After playing about ten matches, I learned that following my instincts gave me a functional deck, and that the mana was good (so I actually got to play my cards), but that it couldn't hold a candle against some of the better tuned Prismatic decks veterans of the format bring to the table. For one thing, I really need more creature removal; each of my threat creatures were usually dealt with pretty easily whereas I often struggled against the beasties my opponents dropped on me. I also desperately need some card drawing. I did however have a great time with the format and look forward to exploring it deeper.
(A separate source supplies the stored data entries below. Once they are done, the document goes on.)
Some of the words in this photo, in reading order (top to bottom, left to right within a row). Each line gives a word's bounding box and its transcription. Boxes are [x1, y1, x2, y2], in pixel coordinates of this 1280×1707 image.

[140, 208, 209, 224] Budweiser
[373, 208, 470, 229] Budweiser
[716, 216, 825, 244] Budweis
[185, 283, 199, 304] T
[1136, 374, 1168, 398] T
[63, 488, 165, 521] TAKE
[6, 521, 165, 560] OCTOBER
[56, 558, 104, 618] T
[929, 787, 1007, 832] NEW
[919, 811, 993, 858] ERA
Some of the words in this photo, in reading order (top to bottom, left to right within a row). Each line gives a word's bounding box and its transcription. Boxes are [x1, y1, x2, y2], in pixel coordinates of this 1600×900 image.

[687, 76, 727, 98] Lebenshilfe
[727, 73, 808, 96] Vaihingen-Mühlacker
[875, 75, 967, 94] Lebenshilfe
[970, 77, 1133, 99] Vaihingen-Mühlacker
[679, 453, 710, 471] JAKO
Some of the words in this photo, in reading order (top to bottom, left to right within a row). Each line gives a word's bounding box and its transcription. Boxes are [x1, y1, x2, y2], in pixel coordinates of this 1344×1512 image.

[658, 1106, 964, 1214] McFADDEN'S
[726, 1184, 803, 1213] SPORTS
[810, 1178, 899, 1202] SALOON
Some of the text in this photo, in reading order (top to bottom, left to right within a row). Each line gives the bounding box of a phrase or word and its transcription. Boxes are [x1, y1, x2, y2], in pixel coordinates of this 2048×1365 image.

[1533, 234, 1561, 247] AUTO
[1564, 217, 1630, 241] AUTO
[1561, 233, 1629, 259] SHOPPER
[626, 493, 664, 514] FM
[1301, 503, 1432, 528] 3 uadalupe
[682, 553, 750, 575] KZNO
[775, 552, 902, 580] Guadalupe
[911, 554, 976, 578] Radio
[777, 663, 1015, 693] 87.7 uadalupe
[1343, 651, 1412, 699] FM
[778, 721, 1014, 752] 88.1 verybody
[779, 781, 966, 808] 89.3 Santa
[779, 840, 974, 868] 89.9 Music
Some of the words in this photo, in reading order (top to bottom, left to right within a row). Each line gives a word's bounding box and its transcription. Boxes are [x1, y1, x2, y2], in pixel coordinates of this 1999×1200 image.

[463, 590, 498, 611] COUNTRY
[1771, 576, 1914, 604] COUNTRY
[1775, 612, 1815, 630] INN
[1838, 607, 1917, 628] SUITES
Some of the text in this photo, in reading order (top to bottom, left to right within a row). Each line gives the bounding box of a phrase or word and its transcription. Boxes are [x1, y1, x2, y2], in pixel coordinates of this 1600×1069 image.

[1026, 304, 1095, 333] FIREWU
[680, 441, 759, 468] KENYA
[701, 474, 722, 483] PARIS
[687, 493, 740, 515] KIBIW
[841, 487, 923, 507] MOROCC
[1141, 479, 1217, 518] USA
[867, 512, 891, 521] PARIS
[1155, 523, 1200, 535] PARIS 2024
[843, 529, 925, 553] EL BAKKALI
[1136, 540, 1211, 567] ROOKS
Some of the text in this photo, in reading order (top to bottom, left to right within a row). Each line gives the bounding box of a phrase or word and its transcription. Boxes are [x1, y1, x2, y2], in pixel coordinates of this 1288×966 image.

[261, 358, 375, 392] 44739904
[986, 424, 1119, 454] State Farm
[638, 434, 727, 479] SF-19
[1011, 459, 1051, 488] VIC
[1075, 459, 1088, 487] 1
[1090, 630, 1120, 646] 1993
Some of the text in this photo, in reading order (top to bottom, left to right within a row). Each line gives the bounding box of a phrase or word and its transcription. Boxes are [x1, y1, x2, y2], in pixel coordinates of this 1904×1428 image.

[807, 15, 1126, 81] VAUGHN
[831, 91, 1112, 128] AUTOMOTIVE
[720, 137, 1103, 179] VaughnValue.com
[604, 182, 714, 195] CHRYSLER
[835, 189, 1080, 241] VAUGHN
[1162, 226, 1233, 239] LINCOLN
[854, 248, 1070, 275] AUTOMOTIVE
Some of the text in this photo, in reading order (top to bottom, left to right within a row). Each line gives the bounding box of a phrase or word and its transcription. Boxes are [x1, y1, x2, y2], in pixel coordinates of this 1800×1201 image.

While playing numerous opponents, I ran across a gentleman who started the game with the traditional “hello and good luck” and then tacked on the much rarer “and have fun!” With that opener, I knew I was in for a pleasant game of Magic, and when he played a turn 3 Mikokoro, Center of the Sea (everybody draws a card!), I knew Comedy Al was a guy I'd have to add to my buddy list. After our game, I figured he'd be the perfect player to feature this week.

MTGO handle? Comedy Al (I got it from a video game; this isn't based on Weird Al)

Real name? Jesse

Age? 18

Where do you live? New Mexico

How long have you been playing Magic? Roughly, I've played for four years.

How long have you been playing MTGO? One and a half years.

Percentage-wise, how would you consider yourself more of a casual or competitive Magic player? I have a 90/10 casual/competitive ratio. The competitive part of me only plays in Limited events, particularly those that have incentives to join other than keeping the card pool and winning boosters (i.e. Nix-Tix, Release avatars, IPA qualifiers).

What's your favorite online format(s)? Definitely drafting.

What is your favorite color? Red.

What is your quest? Pass?

Do you play Prismatic a lot? There are times when I would play very frequently and others when I would play scarcely.

Do you think there is a defined metagame for Prismatic? Yes and no. From what I've seen in the casual room, there are many decks that have quite a few cards in common, but they don't seem like they'd win games in the same way. For instance, four Counterspells seem to be a common occurrence whether they're in a control or beatdown deck.

Have you ever played in the Premier Events for Prismatic? I haven't played in a Prismatic Premier Event because I've already seen what a serious deck does to mine in the casual room. It's not a pretty sight.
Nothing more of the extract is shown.